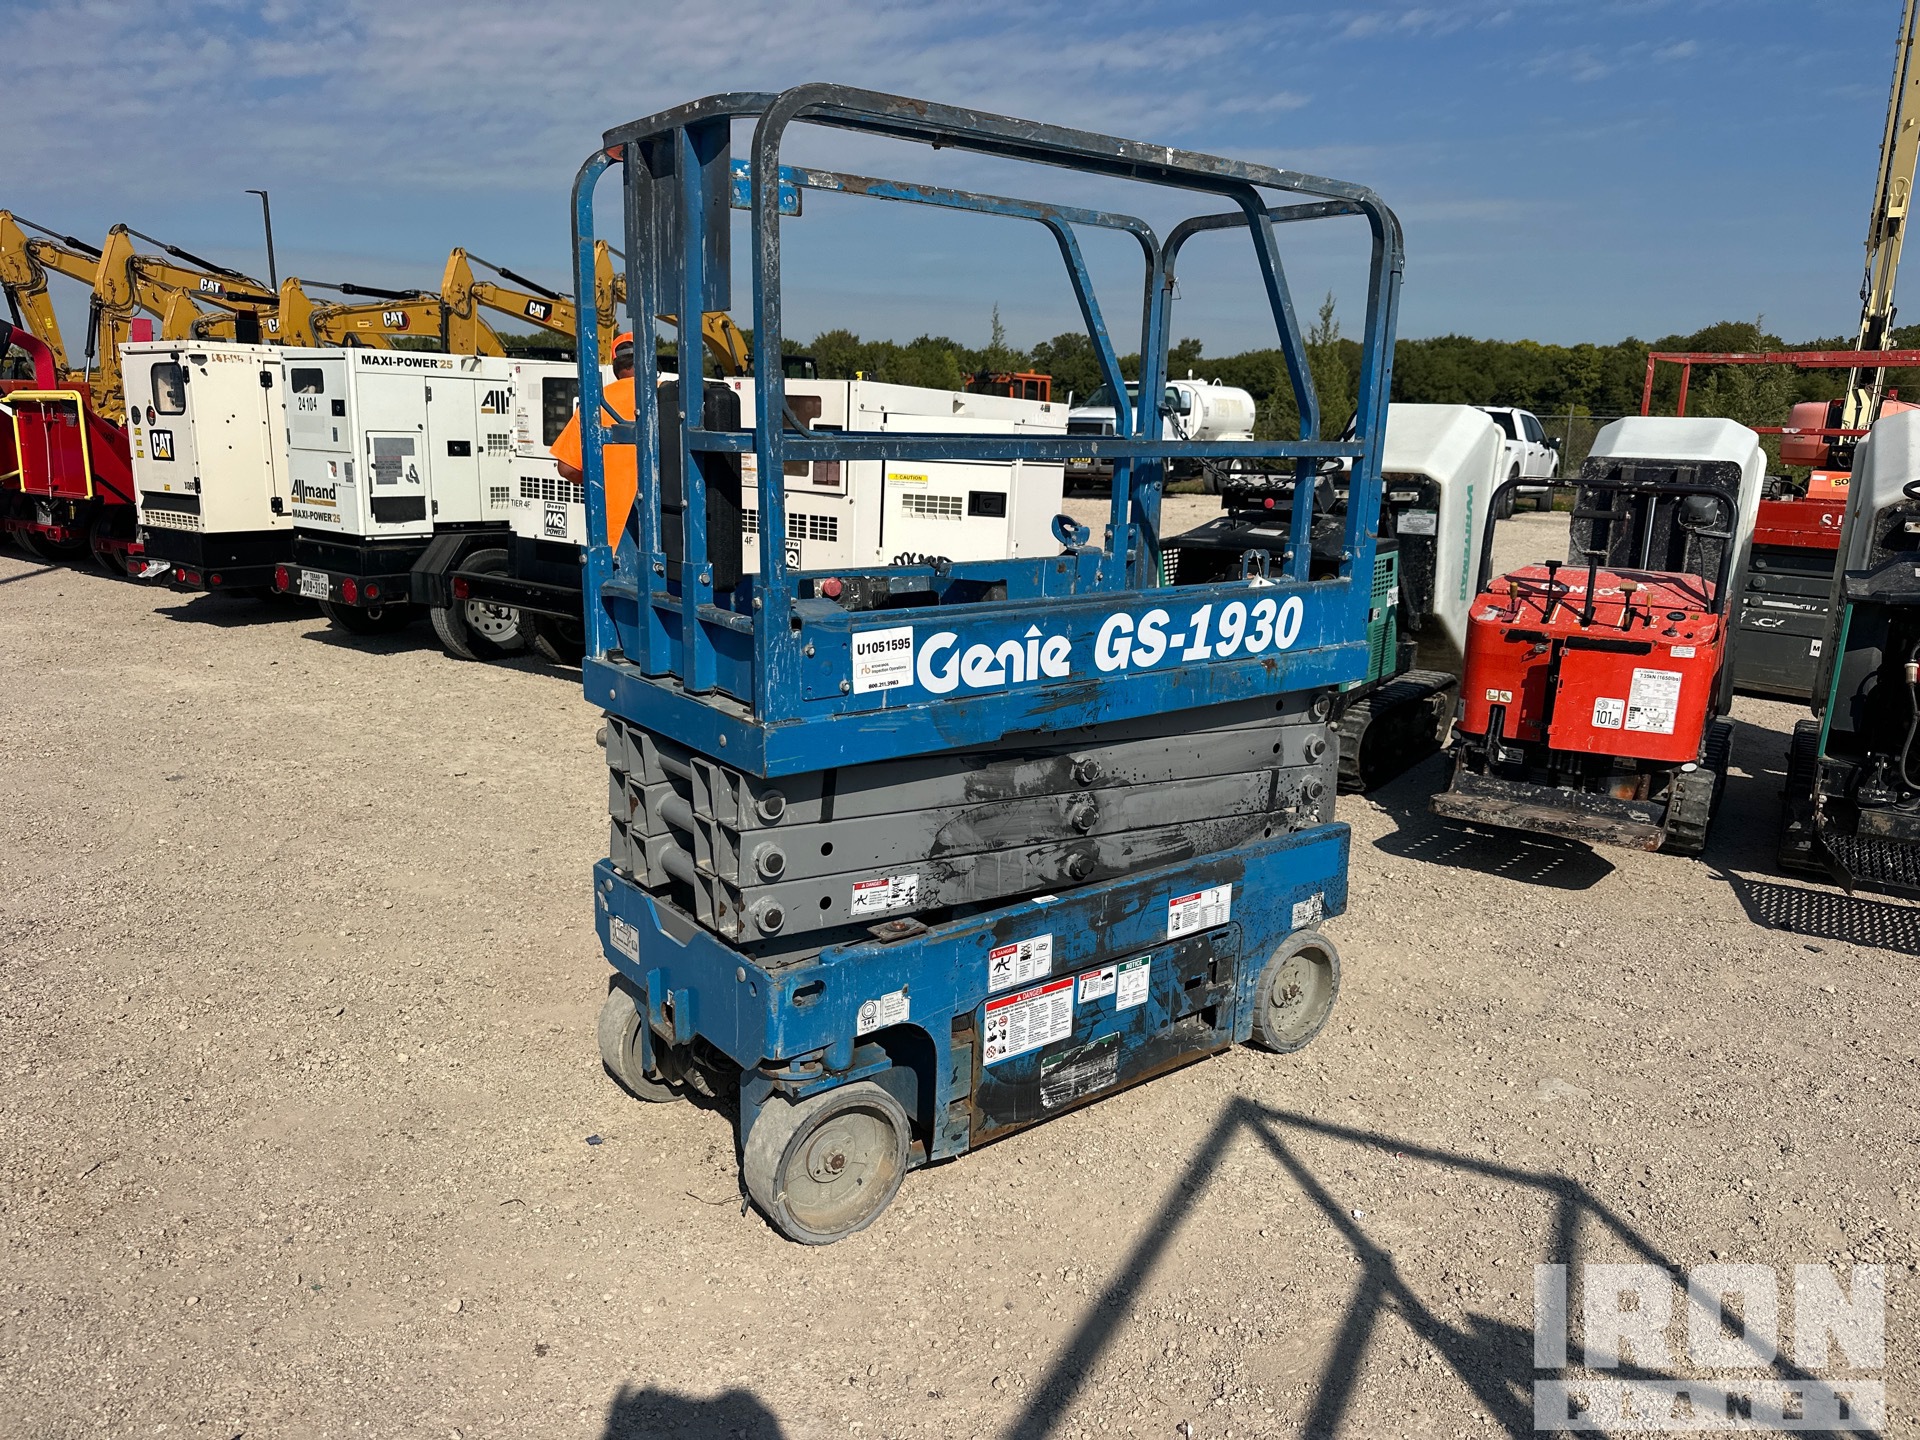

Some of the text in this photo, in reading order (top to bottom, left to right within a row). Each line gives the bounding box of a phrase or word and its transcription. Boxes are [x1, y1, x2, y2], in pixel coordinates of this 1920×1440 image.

[200, 278, 221, 293] CAT
[529, 301, 546, 319] CAT
[383, 311, 403, 327] CAT
[361, 354, 438, 369] MAXI-POWER
[298, 396, 318, 412] 24104
[152, 432, 171, 458] CAT
[291, 479, 336, 504] Allmand
[511, 499, 523, 508] TIER
[292, 508, 333, 523] MAXI-POWER
[545, 511, 566, 529] MQ
[546, 528, 566, 536] POWER
[744, 536, 754, 545] 4F
[857, 637, 911, 655] U1051595
[917, 596, 1304, 694] Genie GS-1930
[1596, 710, 1612, 725] 101
[996, 946, 1016, 956] DANGER
[1126, 959, 1142, 969] NOTICE
[1022, 988, 1043, 1000] DANGER

* **Exercise aim**
Every entry above has to be repeated exactly, apart from its pictures.

* **Response for this exercise**
Some of the text in this photo, in reading order (top to bottom, left to right within a row). Each line gives the bounding box of a phrase or word and its transcription. Boxes are [x1, y1, x2, y2], in pixel coordinates of this 1920×1440 image.

[200, 278, 221, 293] CAT
[529, 301, 546, 319] CAT
[383, 311, 403, 327] CAT
[361, 354, 438, 369] MAXI-POWER
[298, 396, 318, 412] 24104
[152, 432, 171, 458] CAT
[291, 479, 336, 504] Allmand
[511, 499, 523, 508] TIER
[292, 508, 333, 523] MAXI-POWER
[545, 511, 566, 529] MQ
[546, 528, 566, 536] POWER
[744, 536, 754, 545] 4F
[857, 637, 911, 655] U1051595
[917, 596, 1304, 694] Genie GS-1930
[1596, 710, 1612, 725] 101
[996, 946, 1016, 956] DANGER
[1126, 959, 1142, 969] NOTICE
[1022, 988, 1043, 1000] DANGER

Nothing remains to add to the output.